The same intensity of the international market that makes landing Basker for the 2030 class the result of a prior agreement falling through, also means that impact of any work by Keller, Louis Silverio, Adrian Puig and others is going to be far off from seeing the field. Every scout knows their work might wind up just being trade capital, but this goes beyond that. Internally, the Sox international scouting department views the signings that will be announced in January of 2027 as their first true class of the new staff, and at midseason, were optimistic about a wave of highly-ranked prospects beginning in 2028.

By then, the Sox will be placing those prospects in a brand-new international facility in Boca Chica, which is part of the current recruiting pitch. But that's not to say they haven't been grafting notable additions onto 2025 and 2026 classes that were mostly settled.
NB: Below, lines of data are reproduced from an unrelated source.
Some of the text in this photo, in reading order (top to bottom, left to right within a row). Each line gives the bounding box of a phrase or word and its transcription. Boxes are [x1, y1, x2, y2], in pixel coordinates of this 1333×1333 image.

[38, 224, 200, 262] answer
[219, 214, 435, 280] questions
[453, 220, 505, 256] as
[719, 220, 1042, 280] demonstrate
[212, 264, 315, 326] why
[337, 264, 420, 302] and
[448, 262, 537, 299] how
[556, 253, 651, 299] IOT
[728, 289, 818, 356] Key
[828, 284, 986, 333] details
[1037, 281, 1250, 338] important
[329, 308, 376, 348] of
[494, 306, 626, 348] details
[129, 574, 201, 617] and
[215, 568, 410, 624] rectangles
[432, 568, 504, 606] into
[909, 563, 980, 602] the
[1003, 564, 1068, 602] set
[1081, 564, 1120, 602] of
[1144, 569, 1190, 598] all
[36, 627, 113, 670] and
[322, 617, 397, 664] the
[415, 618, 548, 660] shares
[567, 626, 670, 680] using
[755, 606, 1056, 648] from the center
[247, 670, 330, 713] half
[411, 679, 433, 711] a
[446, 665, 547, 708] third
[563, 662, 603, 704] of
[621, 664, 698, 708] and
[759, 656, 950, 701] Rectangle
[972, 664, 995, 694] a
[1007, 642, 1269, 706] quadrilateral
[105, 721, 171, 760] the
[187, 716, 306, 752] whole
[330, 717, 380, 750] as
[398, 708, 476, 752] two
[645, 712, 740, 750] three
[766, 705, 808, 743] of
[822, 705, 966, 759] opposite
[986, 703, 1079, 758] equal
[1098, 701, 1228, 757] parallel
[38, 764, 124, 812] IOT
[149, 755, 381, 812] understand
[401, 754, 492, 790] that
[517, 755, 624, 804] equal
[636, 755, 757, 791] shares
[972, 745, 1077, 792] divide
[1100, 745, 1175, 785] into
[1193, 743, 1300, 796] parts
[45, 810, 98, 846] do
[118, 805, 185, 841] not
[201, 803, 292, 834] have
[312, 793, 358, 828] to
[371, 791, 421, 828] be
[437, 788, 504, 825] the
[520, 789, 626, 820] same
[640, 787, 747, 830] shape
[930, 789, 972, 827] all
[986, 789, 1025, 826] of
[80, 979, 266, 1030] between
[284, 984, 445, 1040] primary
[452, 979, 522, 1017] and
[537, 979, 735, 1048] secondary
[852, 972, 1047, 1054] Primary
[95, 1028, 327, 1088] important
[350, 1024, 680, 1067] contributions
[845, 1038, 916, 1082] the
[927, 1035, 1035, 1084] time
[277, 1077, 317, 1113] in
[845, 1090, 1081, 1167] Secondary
Keller highlighted Osniel Castillo, a 19-year-old Cuban outfielder who hit .375/.444/.542 in 15 games in the Dominican Summer League after being signed midseason, as well as 17-year-old Dominican right-hander Diego Perez, whom he believes has a feel for spin that outstrips his early production. More to the point, Keller pointed to Cuban pitchability right-hander Yobal Rodriguez and Dominican outfielder Frank Mieses both making the DSL All-Star team as 17-year-olds despite each of them signing for bonuses under $250.000.
Mieses hit .285/.410/.415 in 44 games in the DSL, but could also wind up being remembered more for the Sox rebuilding relationships in the country. He has the same trainer as infielder Ransiel Herrera, a player the White Sox are now expected to make their top target for their 2029 class, whom league sources expect could fetch a $4 million signing bonus.
The Dominican Republic is where the plurality of international baseball talent comes from, Keller has a mandate to pursue greater returns from there, and that small island will probably provide the bulk of notable international updates for the White Sox for the foreseeable future. But if you're ever provided an opportunity to corner him, Keller can regale with observations from recent trips to the Bahamas and Colombia (which has become a hotbed for viewing Venezuelan prospects amid political turmoil), and said the team has hired a scout to cover the NPB for them in Japan, where the White Sox footprint has become so light that Keller cautioned against expecting any immediate results.
"I'm excited about where the organization is going; I hope that you all feel that. I hope that the fans feel that," Keller said. "For me, what is most exciting is Chris has talked about really fixing the foundation here. I can’t think of anything more foundational than player acquisition and player development, and obviously international player development is a big part of that."